# MMI Problem



## Edinburra (Aug 19, 2016)

Today when I go to use the MMI Connect app for myAudi Destinations all I get is a circle spinning around in the centre of the display. I then go into the myAudi app to investigate and are met with an "ERROR LOADING" message together with a "server error: The server sent an invalid response"

I'm mystified, never happened before, I've checked my account details, the car details, the MMi details but cannot fathom it.

Should anyone have experienced this would you please let me know how you got out of it if you did?


----------



## Alan Sl (Nov 11, 2009)

Edinburra said:


> Today when I go to use the MMI Connect app for myAudi Destinations all I get is a circle spinning around in the centre of the display. I then go into the myAudi app to investigate and are met with an "ERROR LOADING" message together with a "server error: The server sent an invalid response"
> 
> I'm mystified, never happened before, I've checked my account details, the car details, the MMi details but cannot fathom it.
> I
> Should anyone have experienced this would you please let me know how you got out of it if you did?


We had a similar problem using our iPhone (running iOS 10). The latest version of myAudi app from the App Store recently updated would only work with iOS 11. We have now downloaded iOS 11 and all works again - hope this helps.


----------



## Edinburra (Aug 19, 2016)

Alan Sl said:


> Edinburra said:
> 
> 
> > Today when I go to use the MMI Connect app for myAudi Destinations all I get is a circle spinning around in the centre of the display. I then go into the myAudi app to investigate and are met with an "ERROR LOADING" message together with a "server error: The server sent an invalid response"
> ...


Thanks for your reply, I have IOS 11.4.1 running. I have had no problems with the MMI until now.


----------



## ZephyR2 (Feb 20, 2013)

Looks like the new myAudi web portal has gone live. Have a look it might explain your problems.


----------



## Edinburra (Aug 19, 2016)

ZephyR2 said:


> Looks like the new myAudi web portal has gone live. Have a look it might explain your problems.

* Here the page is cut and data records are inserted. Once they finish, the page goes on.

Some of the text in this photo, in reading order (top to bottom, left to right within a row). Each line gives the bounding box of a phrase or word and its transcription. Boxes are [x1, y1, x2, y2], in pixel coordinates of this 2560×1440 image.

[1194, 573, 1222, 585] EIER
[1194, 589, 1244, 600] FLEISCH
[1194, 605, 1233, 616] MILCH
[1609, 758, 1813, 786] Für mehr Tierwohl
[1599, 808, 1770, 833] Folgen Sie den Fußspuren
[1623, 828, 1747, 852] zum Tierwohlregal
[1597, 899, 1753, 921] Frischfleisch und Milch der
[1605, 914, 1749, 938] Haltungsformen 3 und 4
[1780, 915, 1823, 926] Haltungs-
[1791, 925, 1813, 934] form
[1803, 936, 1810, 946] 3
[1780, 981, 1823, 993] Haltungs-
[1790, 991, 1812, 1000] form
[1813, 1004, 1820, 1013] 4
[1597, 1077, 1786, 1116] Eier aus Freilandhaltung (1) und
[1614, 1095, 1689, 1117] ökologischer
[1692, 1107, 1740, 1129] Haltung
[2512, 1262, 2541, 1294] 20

Thank you for your reply, I must admit I had thought that might have something to do with it.


----------



## macaddict111 (Jun 13, 2018)

I wouldn't count on any of these Google or other internet-connected features to keep working long run. They're essentially gee-whiz things to get people to buy the car, not to last. Audi doesn't make any money off of actually maintaining their software to deal with changes to iOS or Google's API's. For example, Google Earth will be going away soon.


----------



## Toshiba (Jul 8, 2004)

Above is incorrect, look for Audi to use this as a continuous revenue stream going forward on the newer platforms.


----------



## Alan Sl (Nov 11, 2009)

Edinburra said:


> Today when I go to use the MMI Connect app for myAudi Destinations all I get is a circle spinning around in the centre of the display. I then go into the myAudi app to investigate and are met with an "ERROR LOADING" message together with a "server error: The server sent an invalid response"
> 
> I'm mystified, never happened before, I've checked my account details, the car details, the MMi details but cannot fathom it.
> 
> Should anyone have experienced this would you please let me know how you got out of it if you did?

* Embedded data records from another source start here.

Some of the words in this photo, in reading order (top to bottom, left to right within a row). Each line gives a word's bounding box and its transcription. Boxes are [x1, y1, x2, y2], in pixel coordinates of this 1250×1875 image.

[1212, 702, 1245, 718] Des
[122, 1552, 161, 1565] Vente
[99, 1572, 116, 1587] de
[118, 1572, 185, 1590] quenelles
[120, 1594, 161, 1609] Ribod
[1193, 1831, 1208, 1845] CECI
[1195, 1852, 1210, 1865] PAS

Is your my audi Connect working yet? Mine has now stopped working, stating there is also a server error.


----------



## Alan Sl (Nov 11, 2009)

Alan Sl said:


> Edinburra said:
> 
> 
> > Today when I go to use the MMI Connect app for myAudi Destinations all I get is a circle spinning around in the centre of the display. I then go into the myAudi app to investigate and are met with an "ERROR LOADING" message together with a "server error: The server sent an invalid response"
> ...


Now working again - bloody hell!


----------



## Ruudfood (Apr 9, 2018)

What have they done to the myAudi site? You used to be able to see the spec of your selected car but that has now disappeared. It looks pretty useless to me now apart from being able to see information about your connect services and find a dealer.


----------



## pcbbc (Sep 4, 2009)

Ruudfood said:


> What have they done to the myAudi site? You used to be able to see the spec of your selected car but that has now disappeared. It looks pretty useless to me now apart from being able to see information about your connect services and find a dealer.


Yep. Just about everything has gone apart from ability to download maps and book a service.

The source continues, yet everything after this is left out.